■ Work order:
Locate the line containing "Some of the words" in the data below. Reproduce it and every following line up to the end, exactly as given.

(Items from a data source)

◆ ◆ ◆ ◆ ◆ ◆ ◆

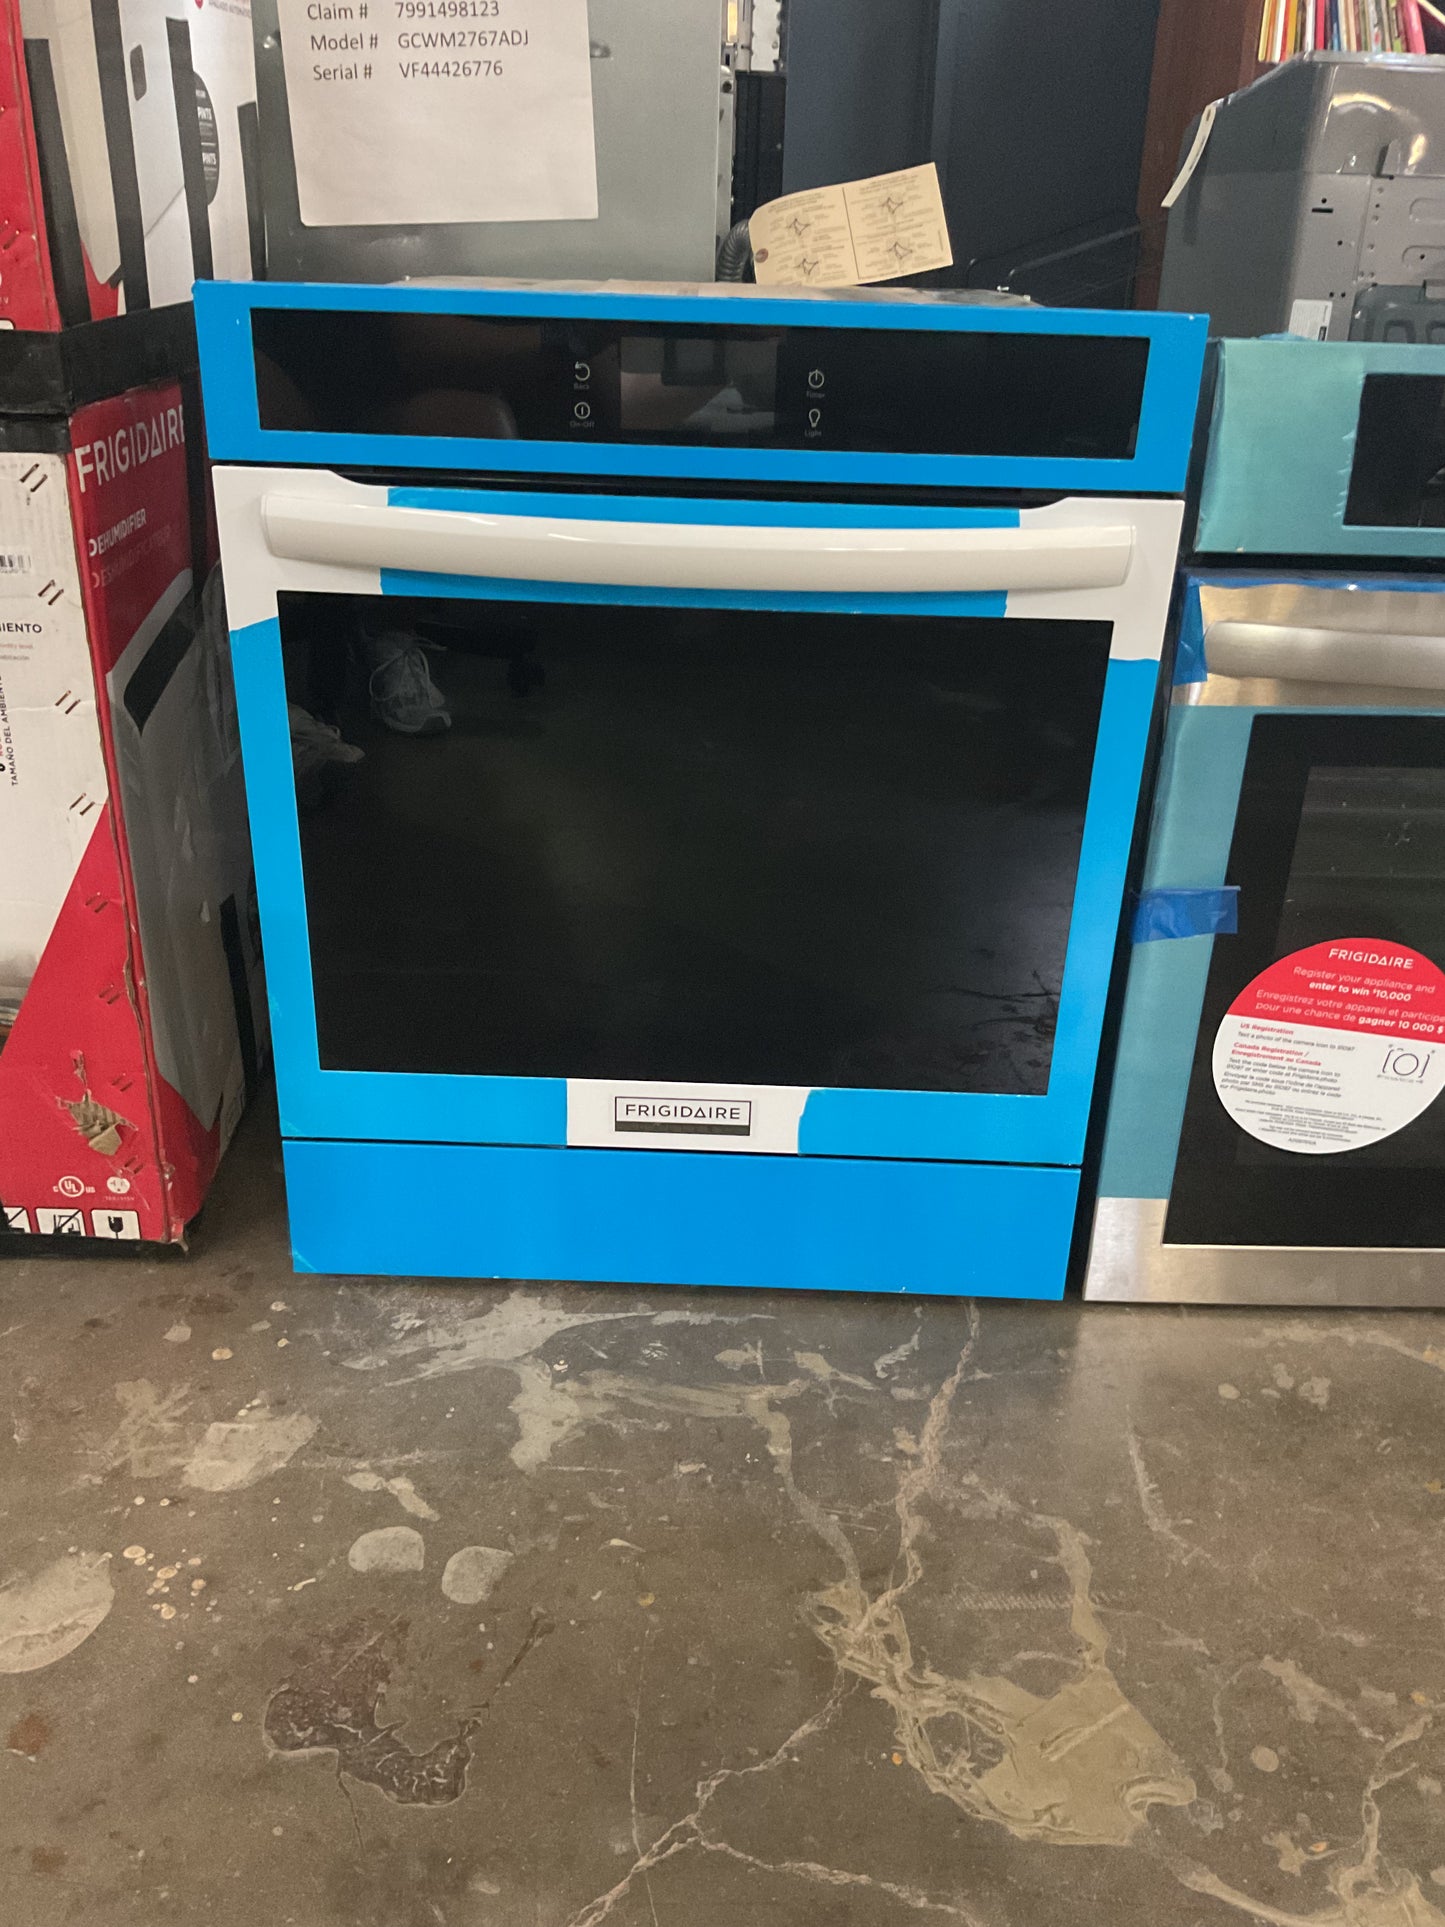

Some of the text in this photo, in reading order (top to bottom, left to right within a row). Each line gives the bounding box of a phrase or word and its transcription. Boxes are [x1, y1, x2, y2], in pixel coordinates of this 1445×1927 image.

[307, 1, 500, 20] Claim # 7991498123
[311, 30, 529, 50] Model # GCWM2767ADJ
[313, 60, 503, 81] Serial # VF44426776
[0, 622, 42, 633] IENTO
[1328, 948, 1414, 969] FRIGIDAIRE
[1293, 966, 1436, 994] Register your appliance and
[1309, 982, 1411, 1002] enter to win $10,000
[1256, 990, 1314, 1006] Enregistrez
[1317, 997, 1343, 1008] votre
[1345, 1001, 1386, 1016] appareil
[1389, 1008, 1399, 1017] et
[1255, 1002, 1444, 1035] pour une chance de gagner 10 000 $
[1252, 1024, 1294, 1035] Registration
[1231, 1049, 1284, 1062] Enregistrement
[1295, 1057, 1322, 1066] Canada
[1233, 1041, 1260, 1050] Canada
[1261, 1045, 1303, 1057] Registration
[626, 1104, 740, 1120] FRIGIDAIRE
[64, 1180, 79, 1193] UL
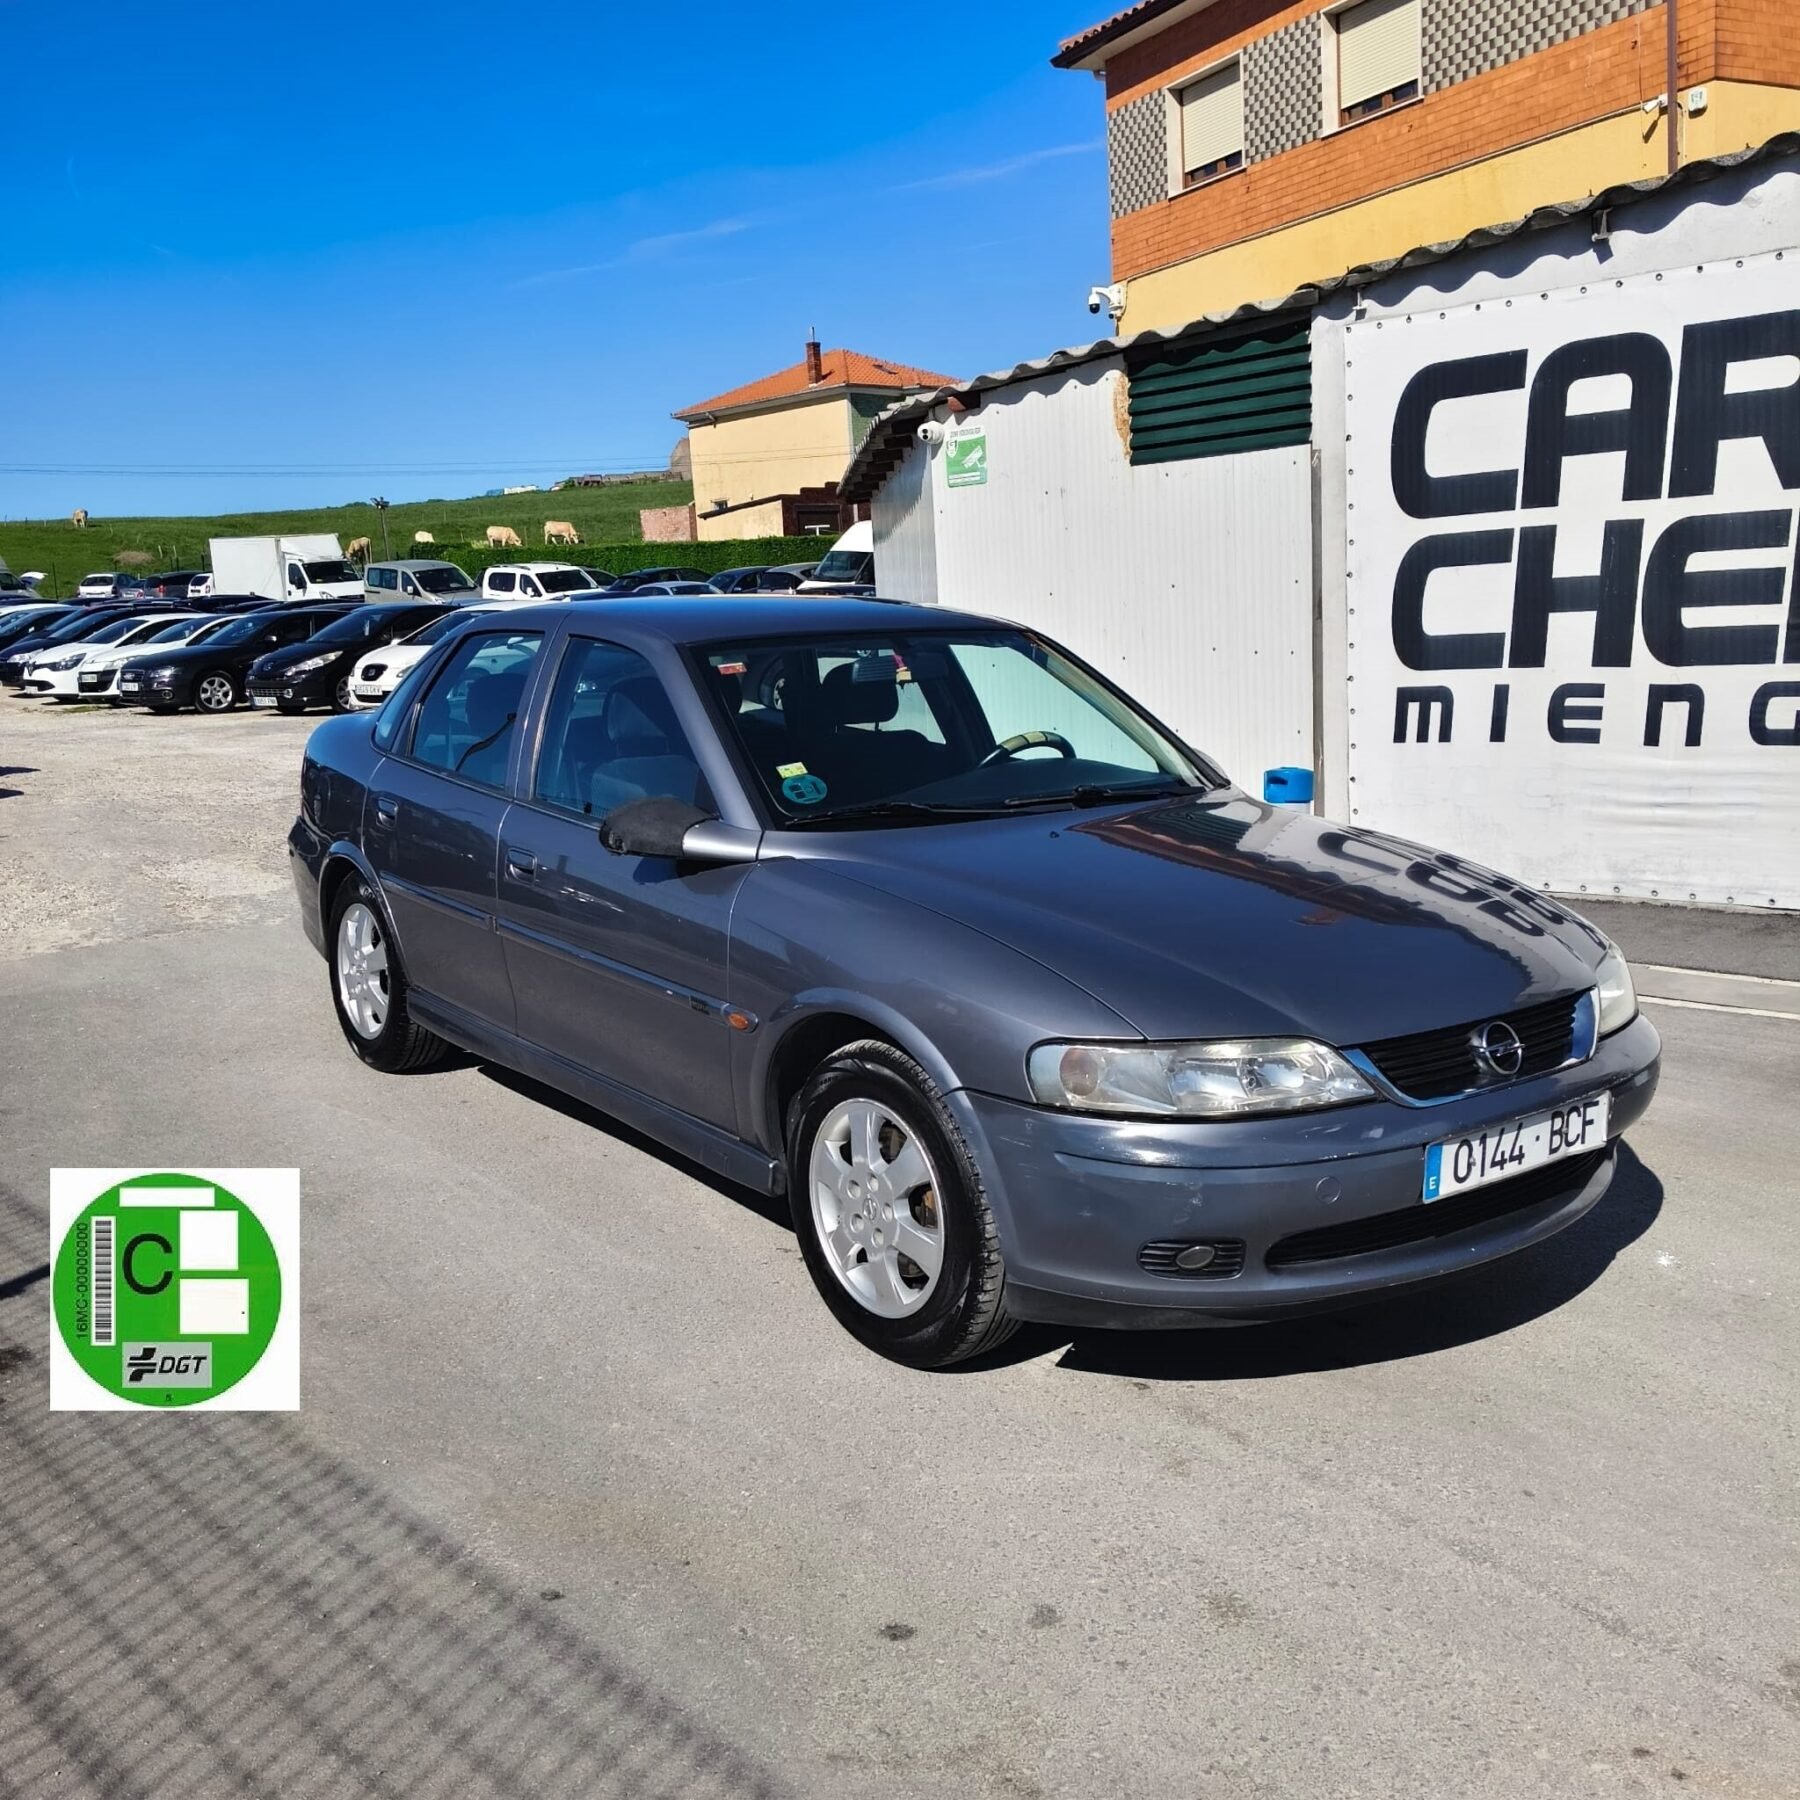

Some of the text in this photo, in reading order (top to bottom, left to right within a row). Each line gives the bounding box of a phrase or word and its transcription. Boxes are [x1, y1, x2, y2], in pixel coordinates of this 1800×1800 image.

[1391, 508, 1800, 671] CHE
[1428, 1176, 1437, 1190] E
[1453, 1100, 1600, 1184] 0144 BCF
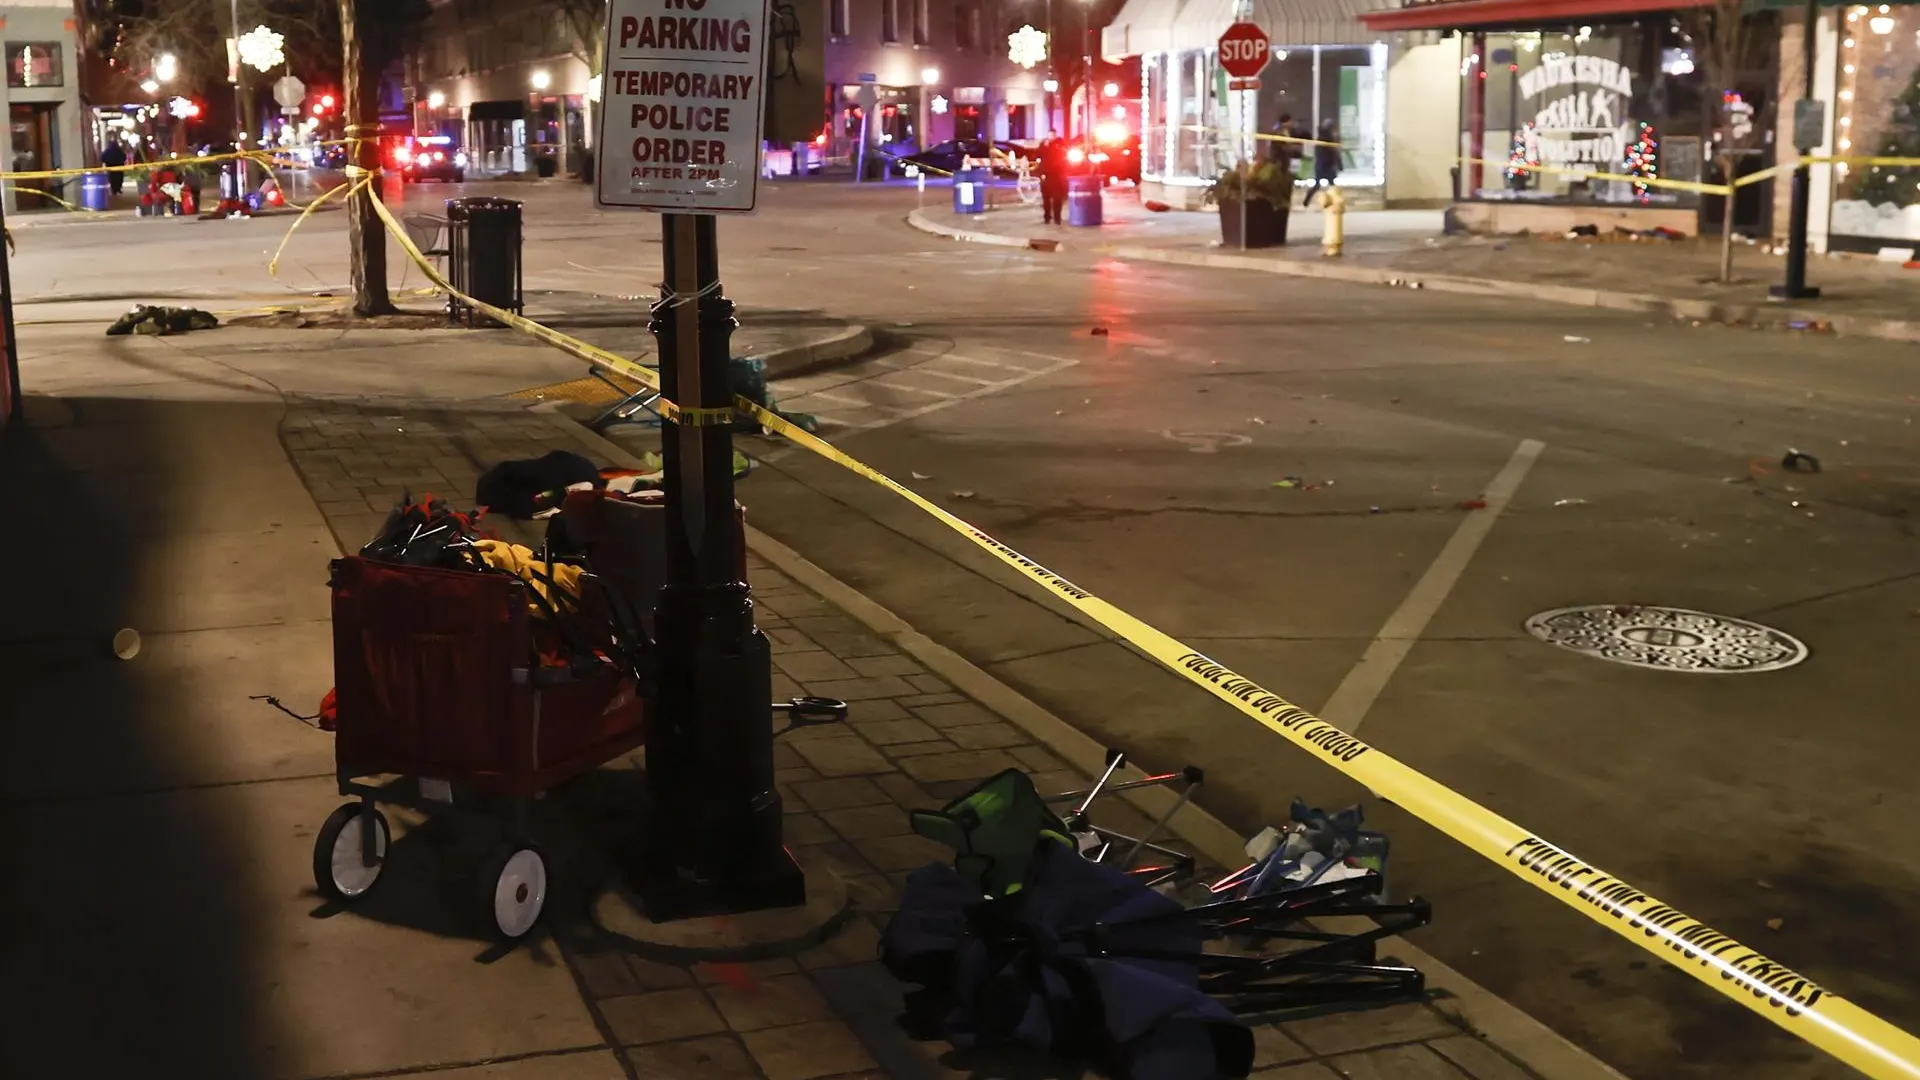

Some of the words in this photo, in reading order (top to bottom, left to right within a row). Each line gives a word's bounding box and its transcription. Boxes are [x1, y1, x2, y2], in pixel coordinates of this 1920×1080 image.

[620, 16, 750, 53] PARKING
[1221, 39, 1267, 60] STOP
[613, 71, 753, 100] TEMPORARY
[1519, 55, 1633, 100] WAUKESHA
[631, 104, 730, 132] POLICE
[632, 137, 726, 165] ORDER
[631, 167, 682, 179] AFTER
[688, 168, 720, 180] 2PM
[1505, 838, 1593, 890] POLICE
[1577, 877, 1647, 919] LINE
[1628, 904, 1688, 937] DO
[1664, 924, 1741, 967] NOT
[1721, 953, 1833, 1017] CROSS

◆ ◆ ◆ ◆ ◆ ◆ ◆

■ Answer to this exercise:
Some of the words in this photo, in reading order (top to bottom, left to right within a row). Each line gives a word's bounding box and its transcription. Boxes are [x1, y1, x2, y2], in pixel coordinates of this 1920×1080 image.

[620, 16, 750, 53] PARKING
[1221, 39, 1267, 60] STOP
[613, 71, 753, 100] TEMPORARY
[1519, 55, 1633, 100] WAUKESHA
[631, 104, 730, 132] POLICE
[632, 137, 726, 165] ORDER
[631, 167, 682, 179] AFTER
[688, 168, 720, 180] 2PM
[1505, 838, 1593, 890] POLICE
[1577, 877, 1647, 919] LINE
[1628, 904, 1688, 937] DO
[1664, 924, 1741, 967] NOT
[1721, 953, 1833, 1017] CROSS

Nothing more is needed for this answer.